THE PROBLEM: Which lines in the records below contain the word "TAXISTAS"? Copy each of them.

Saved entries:
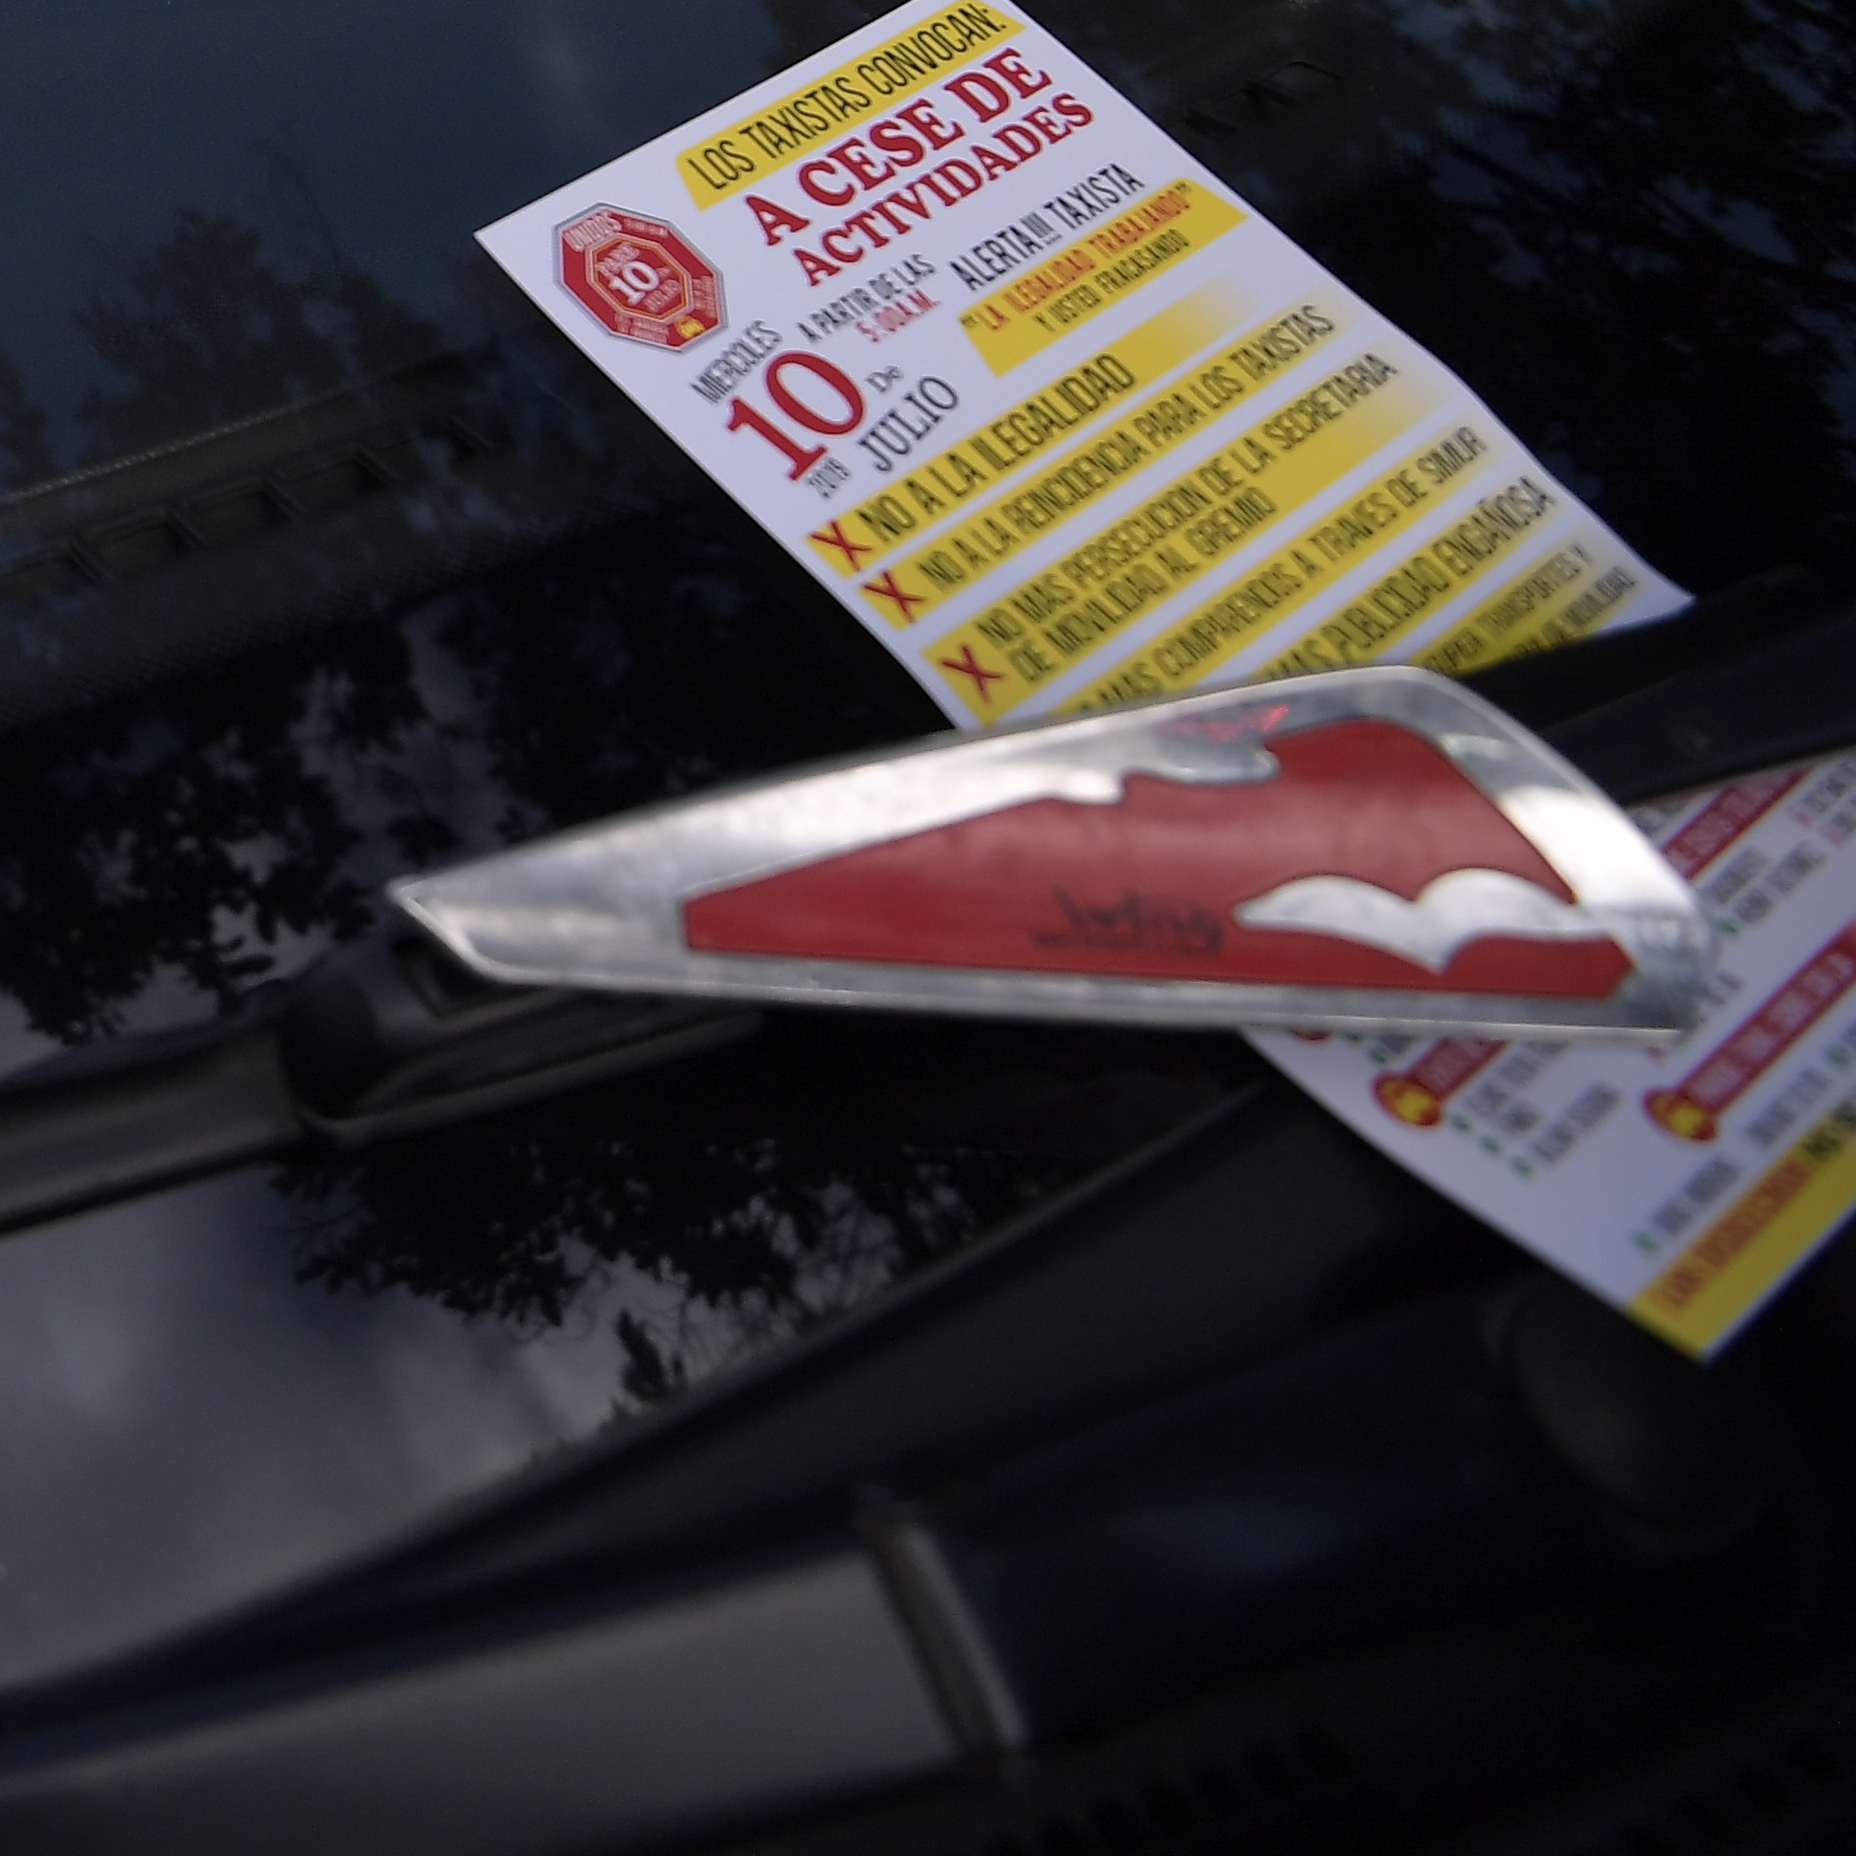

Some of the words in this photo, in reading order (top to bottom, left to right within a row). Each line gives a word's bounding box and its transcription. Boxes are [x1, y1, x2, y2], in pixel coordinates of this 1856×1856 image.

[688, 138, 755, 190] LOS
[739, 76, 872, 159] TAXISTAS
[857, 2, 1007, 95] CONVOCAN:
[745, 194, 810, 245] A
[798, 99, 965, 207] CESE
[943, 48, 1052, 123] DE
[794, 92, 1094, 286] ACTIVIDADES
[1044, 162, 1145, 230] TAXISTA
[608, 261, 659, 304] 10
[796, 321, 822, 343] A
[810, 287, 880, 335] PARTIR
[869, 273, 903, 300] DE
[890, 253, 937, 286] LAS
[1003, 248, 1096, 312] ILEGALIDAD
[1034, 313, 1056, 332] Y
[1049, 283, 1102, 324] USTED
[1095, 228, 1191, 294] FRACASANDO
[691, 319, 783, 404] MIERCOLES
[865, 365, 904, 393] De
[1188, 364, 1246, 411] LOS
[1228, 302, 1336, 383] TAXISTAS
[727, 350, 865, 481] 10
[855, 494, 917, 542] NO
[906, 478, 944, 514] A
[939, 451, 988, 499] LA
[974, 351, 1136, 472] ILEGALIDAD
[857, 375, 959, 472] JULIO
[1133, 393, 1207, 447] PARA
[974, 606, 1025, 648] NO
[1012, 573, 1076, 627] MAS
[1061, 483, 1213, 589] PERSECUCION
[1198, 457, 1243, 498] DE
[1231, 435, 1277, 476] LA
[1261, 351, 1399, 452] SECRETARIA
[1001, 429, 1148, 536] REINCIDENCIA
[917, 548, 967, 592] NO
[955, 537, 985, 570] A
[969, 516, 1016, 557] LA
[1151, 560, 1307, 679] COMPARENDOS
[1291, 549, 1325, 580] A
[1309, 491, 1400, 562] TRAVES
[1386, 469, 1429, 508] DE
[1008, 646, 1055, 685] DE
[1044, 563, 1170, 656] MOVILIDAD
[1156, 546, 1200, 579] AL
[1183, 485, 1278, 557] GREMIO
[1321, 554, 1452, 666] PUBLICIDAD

TASK RESULT:
[739, 76, 872, 159] TAXISTAS
[1228, 302, 1336, 383] TAXISTAS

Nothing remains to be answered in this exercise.